Saved data entries:

########################################

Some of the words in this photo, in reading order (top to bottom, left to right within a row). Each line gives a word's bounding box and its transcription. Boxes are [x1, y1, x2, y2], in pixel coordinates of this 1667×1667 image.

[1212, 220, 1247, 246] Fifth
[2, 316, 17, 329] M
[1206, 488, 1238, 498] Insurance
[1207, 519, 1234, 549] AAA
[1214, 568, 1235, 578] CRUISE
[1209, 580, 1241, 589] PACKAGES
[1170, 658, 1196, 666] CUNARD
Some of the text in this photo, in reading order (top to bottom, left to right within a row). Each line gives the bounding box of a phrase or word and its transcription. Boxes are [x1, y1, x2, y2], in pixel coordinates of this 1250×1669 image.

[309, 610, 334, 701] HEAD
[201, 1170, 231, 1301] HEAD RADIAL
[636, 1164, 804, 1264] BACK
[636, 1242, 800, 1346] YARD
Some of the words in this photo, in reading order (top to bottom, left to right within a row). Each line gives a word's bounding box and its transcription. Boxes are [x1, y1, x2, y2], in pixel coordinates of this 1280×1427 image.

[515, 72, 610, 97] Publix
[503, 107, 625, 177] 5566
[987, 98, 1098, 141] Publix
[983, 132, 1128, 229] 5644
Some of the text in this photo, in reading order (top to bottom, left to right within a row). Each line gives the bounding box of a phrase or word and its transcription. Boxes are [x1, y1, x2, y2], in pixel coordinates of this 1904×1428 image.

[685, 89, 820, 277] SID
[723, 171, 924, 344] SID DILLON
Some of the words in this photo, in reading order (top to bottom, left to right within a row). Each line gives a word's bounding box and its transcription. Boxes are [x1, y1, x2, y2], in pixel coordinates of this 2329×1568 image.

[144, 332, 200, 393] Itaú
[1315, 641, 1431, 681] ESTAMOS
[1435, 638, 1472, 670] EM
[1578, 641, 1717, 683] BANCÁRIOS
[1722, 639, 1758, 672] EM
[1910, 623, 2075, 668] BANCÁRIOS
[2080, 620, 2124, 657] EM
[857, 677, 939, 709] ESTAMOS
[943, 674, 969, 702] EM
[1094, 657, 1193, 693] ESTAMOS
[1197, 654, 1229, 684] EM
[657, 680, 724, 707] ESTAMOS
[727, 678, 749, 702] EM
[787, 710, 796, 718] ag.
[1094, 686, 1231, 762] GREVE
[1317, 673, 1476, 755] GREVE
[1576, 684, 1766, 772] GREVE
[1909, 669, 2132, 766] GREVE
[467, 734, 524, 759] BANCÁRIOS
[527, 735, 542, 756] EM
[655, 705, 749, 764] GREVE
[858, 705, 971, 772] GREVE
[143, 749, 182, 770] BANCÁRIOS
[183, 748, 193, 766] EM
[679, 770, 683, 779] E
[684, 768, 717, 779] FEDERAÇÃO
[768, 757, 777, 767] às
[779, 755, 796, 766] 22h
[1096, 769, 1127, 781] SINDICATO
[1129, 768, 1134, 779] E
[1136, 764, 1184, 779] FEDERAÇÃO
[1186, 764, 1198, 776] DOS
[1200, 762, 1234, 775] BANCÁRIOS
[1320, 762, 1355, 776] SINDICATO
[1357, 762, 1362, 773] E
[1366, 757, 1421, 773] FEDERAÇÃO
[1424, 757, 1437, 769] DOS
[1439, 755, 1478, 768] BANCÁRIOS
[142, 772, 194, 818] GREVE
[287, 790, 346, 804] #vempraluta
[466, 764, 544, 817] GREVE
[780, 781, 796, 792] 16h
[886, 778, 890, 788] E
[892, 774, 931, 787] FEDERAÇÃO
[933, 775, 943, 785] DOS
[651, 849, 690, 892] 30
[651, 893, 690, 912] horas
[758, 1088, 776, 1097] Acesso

########################################

» ACTION ITEM:
With no additions or omissions, transcribe every record.

» SOLUTION FOR THIS PROBLEM:
Some of the words in this photo, in reading order (top to bottom, left to right within a row). Each line gives a word's bounding box and its transcription. Boxes are [x1, y1, x2, y2], in pixel coordinates of this 1667×1667 image.

[1212, 220, 1247, 246] Fifth
[2, 316, 17, 329] M
[1206, 488, 1238, 498] Insurance
[1207, 519, 1234, 549] AAA
[1214, 568, 1235, 578] CRUISE
[1209, 580, 1241, 589] PACKAGES
[1170, 658, 1196, 666] CUNARD
Some of the text in this photo, in reading order (top to bottom, left to right within a row). Each line gives the bounding box of a phrase or word and its transcription. Boxes are [x1, y1, x2, y2], in pixel coordinates of this 1250×1669 image.

[309, 610, 334, 701] HEAD
[201, 1170, 231, 1301] HEAD RADIAL
[636, 1164, 804, 1264] BACK
[636, 1242, 800, 1346] YARD
Some of the words in this photo, in reading order (top to bottom, left to right within a row). Each line gives a word's bounding box and its transcription. Boxes are [x1, y1, x2, y2], in pixel coordinates of this 1280×1427 image.

[515, 72, 610, 97] Publix
[503, 107, 625, 177] 5566
[987, 98, 1098, 141] Publix
[983, 132, 1128, 229] 5644
Some of the text in this photo, in reading order (top to bottom, left to right within a row). Each line gives the bounding box of a phrase or word and its transcription. Boxes are [x1, y1, x2, y2], in pixel coordinates of this 1904×1428 image.

[685, 89, 820, 277] SID
[723, 171, 924, 344] SID DILLON
Some of the words in this photo, in reading order (top to bottom, left to right within a row). Each line gives a word's bounding box and its transcription. Boxes are [x1, y1, x2, y2], in pixel coordinates of this 2329×1568 image.

[144, 332, 200, 393] Itaú
[1315, 641, 1431, 681] ESTAMOS
[1435, 638, 1472, 670] EM
[1578, 641, 1717, 683] BANCÁRIOS
[1722, 639, 1758, 672] EM
[1910, 623, 2075, 668] BANCÁRIOS
[2080, 620, 2124, 657] EM
[857, 677, 939, 709] ESTAMOS
[943, 674, 969, 702] EM
[1094, 657, 1193, 693] ESTAMOS
[1197, 654, 1229, 684] EM
[657, 680, 724, 707] ESTAMOS
[727, 678, 749, 702] EM
[787, 710, 796, 718] ag.
[1094, 686, 1231, 762] GREVE
[1317, 673, 1476, 755] GREVE
[1576, 684, 1766, 772] GREVE
[1909, 669, 2132, 766] GREVE
[467, 734, 524, 759] BANCÁRIOS
[527, 735, 542, 756] EM
[655, 705, 749, 764] GREVE
[858, 705, 971, 772] GREVE
[143, 749, 182, 770] BANCÁRIOS
[183, 748, 193, 766] EM
[679, 770, 683, 779] E
[684, 768, 717, 779] FEDERAÇÃO
[768, 757, 777, 767] às
[779, 755, 796, 766] 22h
[1096, 769, 1127, 781] SINDICATO
[1129, 768, 1134, 779] E
[1136, 764, 1184, 779] FEDERAÇÃO
[1186, 764, 1198, 776] DOS
[1200, 762, 1234, 775] BANCÁRIOS
[1320, 762, 1355, 776] SINDICATO
[1357, 762, 1362, 773] E
[1366, 757, 1421, 773] FEDERAÇÃO
[1424, 757, 1437, 769] DOS
[1439, 755, 1478, 768] BANCÁRIOS
[142, 772, 194, 818] GREVE
[287, 790, 346, 804] #vempraluta
[466, 764, 544, 817] GREVE
[780, 781, 796, 792] 16h
[886, 778, 890, 788] E
[892, 774, 931, 787] FEDERAÇÃO
[933, 775, 943, 785] DOS
[651, 849, 690, 892] 30
[651, 893, 690, 912] horas
[758, 1088, 776, 1097] Acesso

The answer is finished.